Shortest answer: If you have defined a proper model, you know that R(w1, w2) if in your model the pair (w1, w2) is in the extension of R. If you do not have a model you may be able to infer this from the presumed properties of R, for example from R(w0, w1) and R(w0, w2) you can infer R(w1, w2) if R is Euclidean. You define this relation in the way that characterizes the modality in question. You need to have an idea what properties the respective modality has in the first place.
Longer answer: The accessibility relation has no meaning outside the formal system in general, because its interpretation depends on the purpose for which you use the modal logic. For example, for rational belief sometimes system KD45 is used, which has a serial, transitive, and Euclidean accessibility relation. So if R(w1, w2), then some people would interpret this as "w2 is compatible with what the agent believes in w1". However, from a formal point of view this interpretation is insignificant, because what counts are the formal properties of the relation, i.e. in this case that it is serial, transitive, and Euclidean. These properties directly correspond to axioms in the proof theory of the logic. In case of KD45, for example, they correspond to (D) consistency, and (4) positive and (5) negative introspection axioms. (Axiom (K) holds by default in all normal modal logics.)
I'm sure somebody has written something about it but personally I wouldn't read too much into accessibility relations . They are more or less a technicality, although an important one.
Original, detailed answer: First of all, Priest and Lewis have different views on the question what objects can 'inhabit' different worlds. Lewis is a modal realist, he subscribes to the view that one and the same object cannot reside within two worlds at the same time, which is why he developed counterpart theory. Priest comes from a more modern tradition not based on counterpart theory. As far as I know, he allows in his systems the 'same' object to exist in different worlds where it might have different properties. (He sometimes allows much more, of course, because many of his systems are paraconsistent. Notice that sameness cannot be Leibnizian identity across worlds in this context. Cross-world identity has been debated extensively since the 70s of last century.)

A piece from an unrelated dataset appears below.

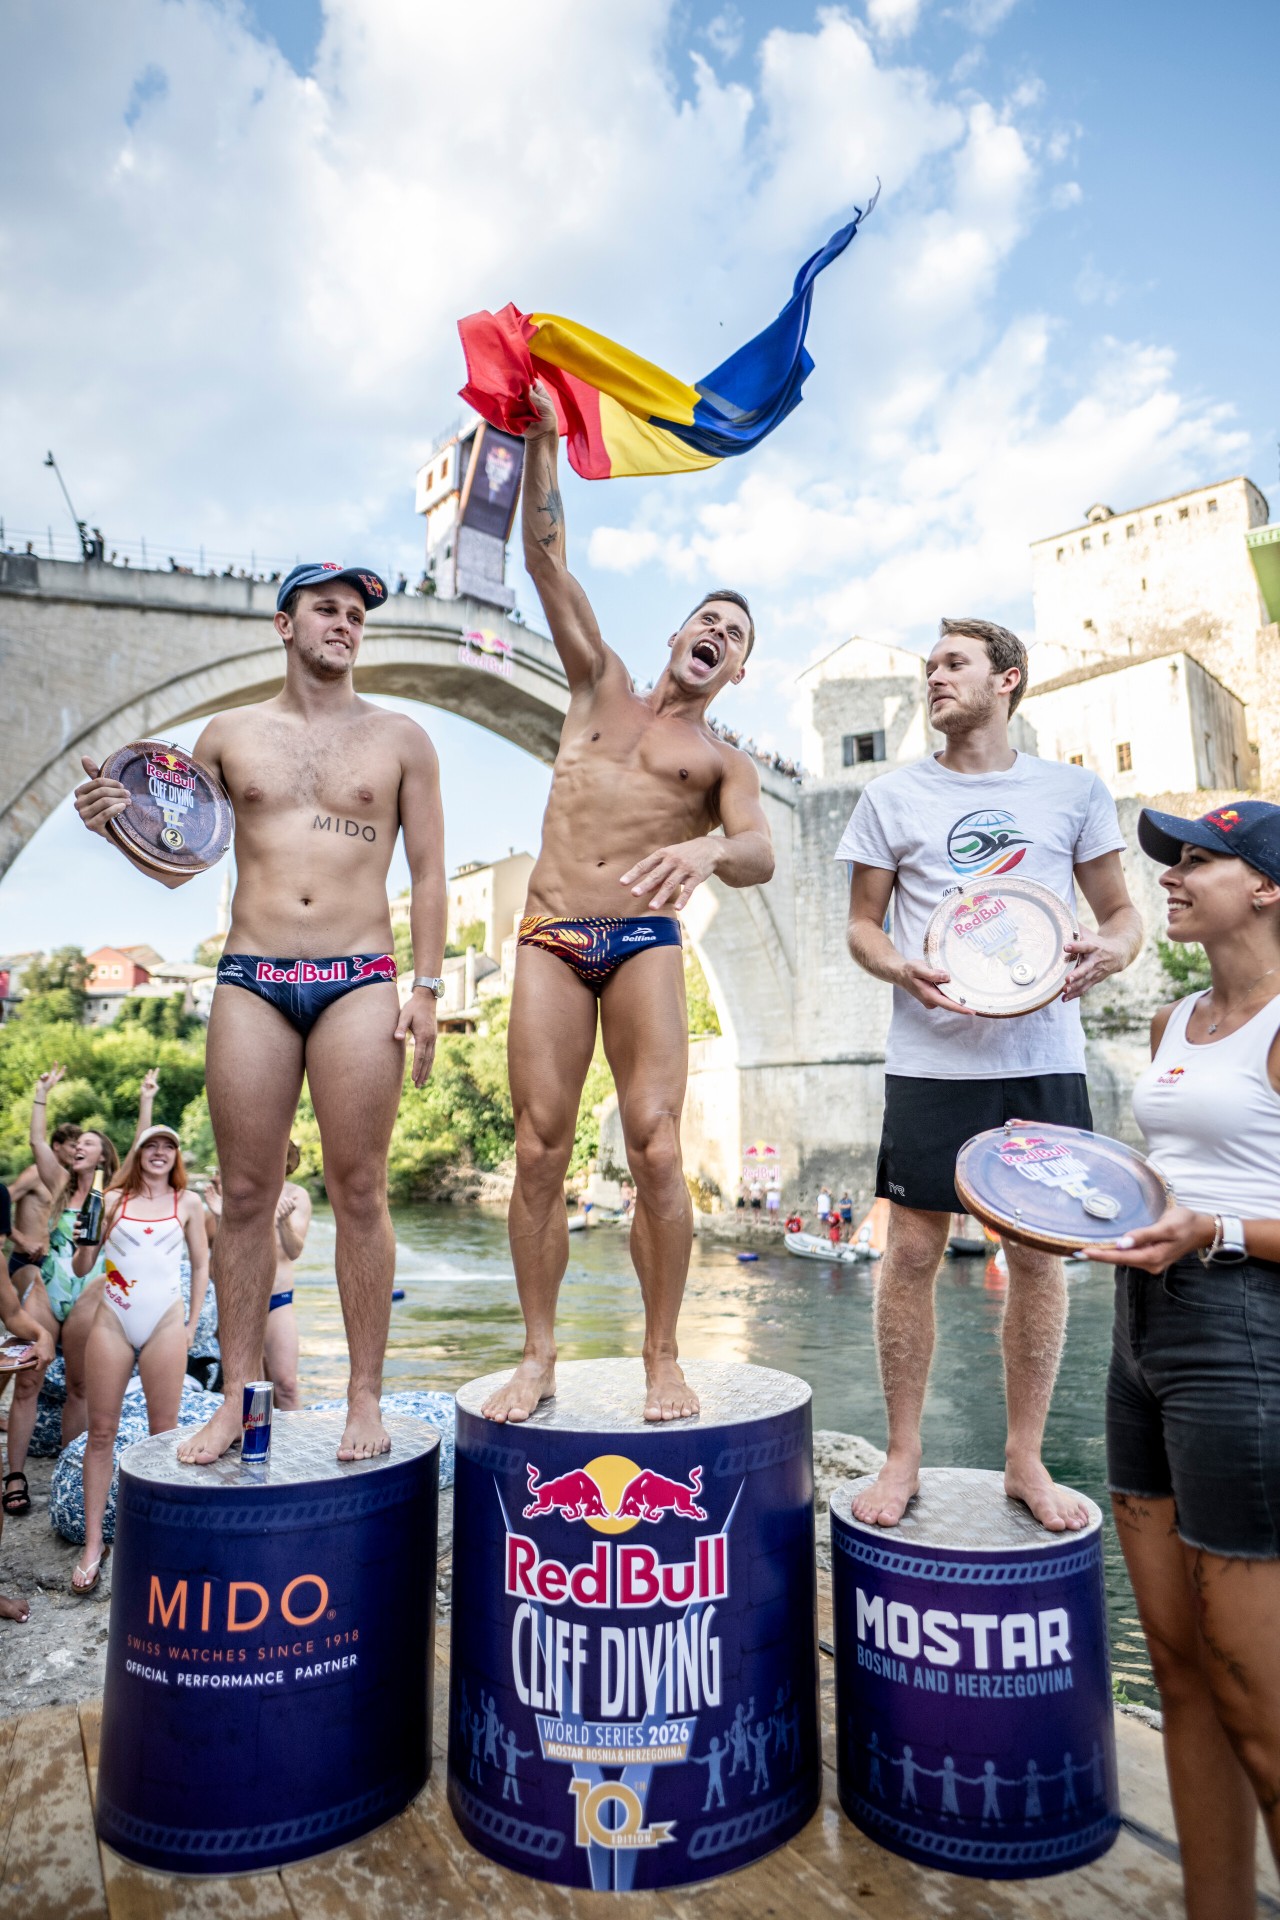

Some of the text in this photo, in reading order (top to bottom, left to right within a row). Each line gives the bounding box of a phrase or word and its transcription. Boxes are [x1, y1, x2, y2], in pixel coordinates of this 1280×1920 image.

Another question to take into account is whether a constant in world w can refer to an object residing in world u. I don't know whether Priest allows this, but for example Fitting & Mendelsohn do so in their book on first-order modal logic. In case of doubt, you always have check the rules for term evaluation in the logical system.
Regarding accessibility between worlds, both Lewis and Priest need to allow a binary accessibility relation between worlds for technical reasons, as long as they want to stay within the realm of normal modal logic with Kripke frames. If you leave out accessibility, you end up with a system like S5. (I say "like S5", because strictly speaking the system you end up with is S5 with global box modality or S5 with models in which all inaccessible worlds have been removed.)
There are other systems, for example modal logic with neighbourhood semantics, which generalize normal modal logic and do not have an accessibility relation. If I'm not mistaken Lewis studied some of them, too, in his work on conditional logic. However, even in these more general systems you need to restrict the sets of worlds modal operators run over somehow, for example by a 'selection function', in order to make them behave in any interesting way.
A lot has been written about what all of this means from a metaphysical point of view and no final agreement has ever been reached, for it depends on various stances one might take. For example, it makes a difference whether you're a modal realist or believe that possible worlds are ontologically reducible and, if so, in which way, and whether possible worlds are essentially models of a non-modal base language (Hintikka) or not. Cocchiarella (1989, 2007) has worked a lot on the metaphysics of modality, and you will also find many metaphysical aspects addressed by Kit Fine. These authors are not easy to read, though, and require some good technical background.
Addition: I forgot to mention that I know of no author who claims that possible worlds could causally interact with each other, but accessibility does not imply causal interaction.